It's been over 2 months since I was on here, and soooo much has taken place I don't know if I even have the emotional willpower or desire to put it all down, or (care) to remember everything.

For those who said it, you were right, he was cheating. Boy, did I feel like an idiot, and I wonder how it felt for him to lie right to my face.:bsflag:

He has been gone from the house since the May 3rd incident. 

It was going on from around Thanksgiving on. 

He is living with her (she's 23, he'll be 60 in July) and her 2yr old. He's moving back to the state where we moved from, WITH HER. He is supporting her now as she quit working with him. :scratchhead:

From what I can find out, it seems his life isn't quite cracking up to be what he must of thought it would be. Living in a 1 bedroom home with her in a nasty part of town and his job is in jeapordy he says, though I have no idea why, nor do I want to even know. There's more, and none of it is positive for him. Awwww, too bad. I don't wish him ill will, but hey, he wanted a different life, he's getting it! :loser:

I found out so much information that it made it so much easier to not care about him anymore. I'm not hurt, I'm angry. I'm angry I gave him the benefit of the doubt. I'm angry that I he did this to me. He has really really changed, and it's in a terrible direction at that. 

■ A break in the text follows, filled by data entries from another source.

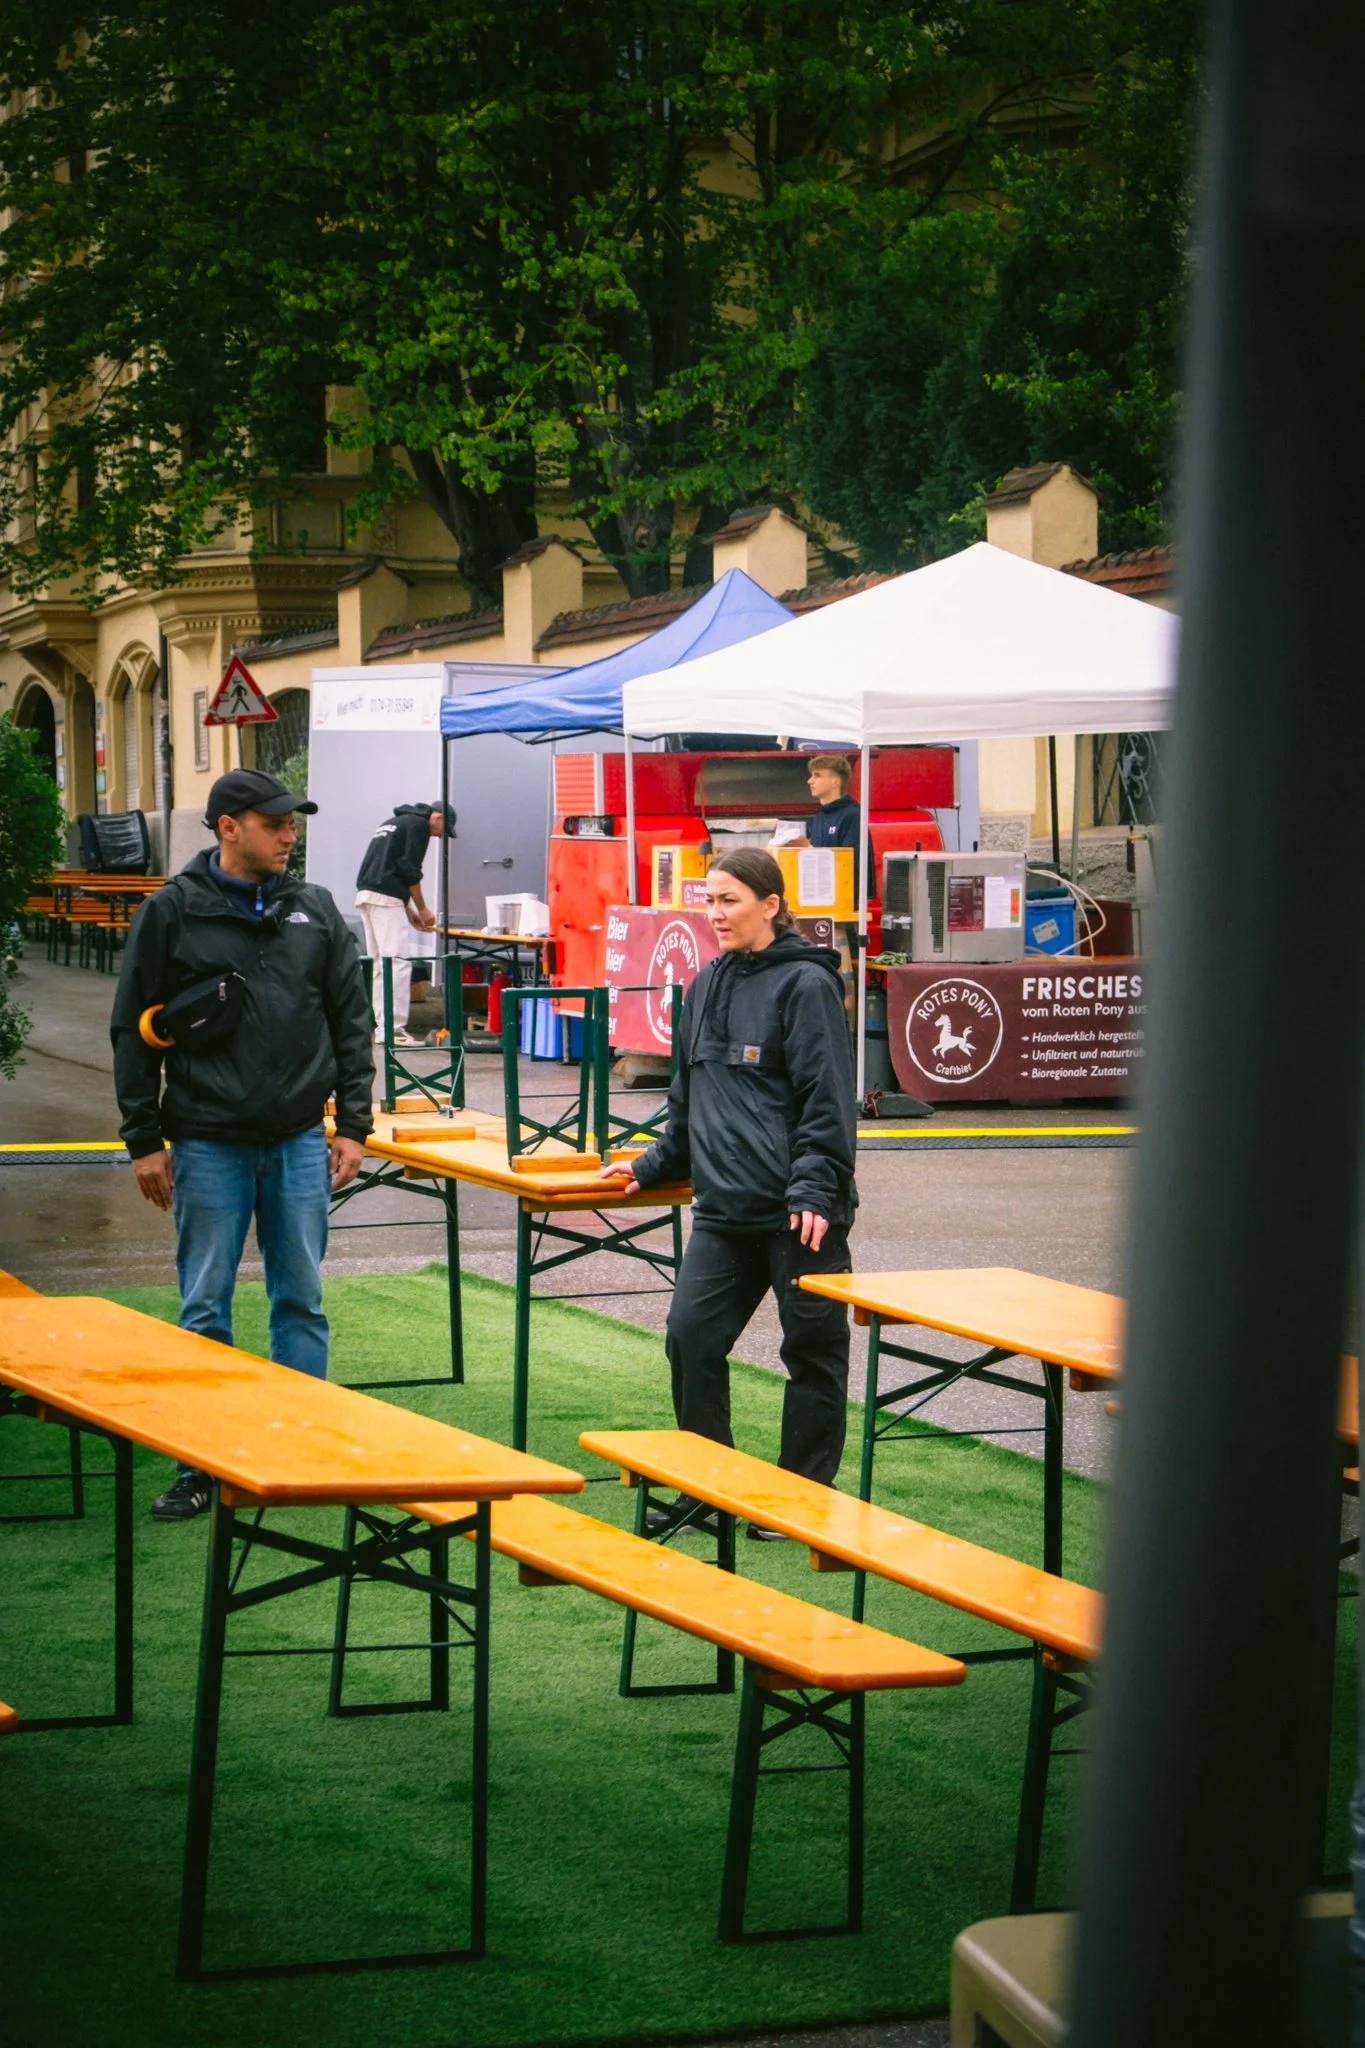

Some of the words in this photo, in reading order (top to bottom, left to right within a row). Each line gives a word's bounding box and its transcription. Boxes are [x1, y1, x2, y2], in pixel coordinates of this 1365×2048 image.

[607, 916, 629, 941] Bier
[655, 931, 679, 968] ROTES
[679, 934, 696, 970] PONY
[1022, 975, 1143, 1000] FRISCHES
[916, 987, 958, 1021] ROTES
[960, 988, 994, 1019] PONY
[1022, 1007, 1049, 1017] vom
[1052, 1003, 1090, 1016] Roten
[1094, 1002, 1124, 1018] Pony
[1127, 1004, 1148, 1015] aus
[1031, 1030, 1095, 1043] Handwerklich
[1031, 1049, 1077, 1062] Unfiltriert
[1080, 1047, 1098, 1059] und
[935, 1062, 972, 1075] Craftbier
[1031, 1066, 1088, 1080] Bioregionale
[1090, 1065, 1128, 1077] Zutaten

To this day he's still trying to play mind games and is trying to control any situation there still is. Once he's gone back to FL, should he lose his job, there will be nothing more between us, if he doesn't lose his job, come end of August there will be nothing between us - only thing is a purchase of a bedroom set and health insurance that's between us.

Like I said, there's so much more to this story, but I just don't have it in me right now to spill it all out. 

BUT, I'm happy to say, I'm seeing a really nice guy. It's nothing serious, but he has greatly helped me get over my ex. Life is good - and I'm so happy to be out of my previous relationship - who would have thought?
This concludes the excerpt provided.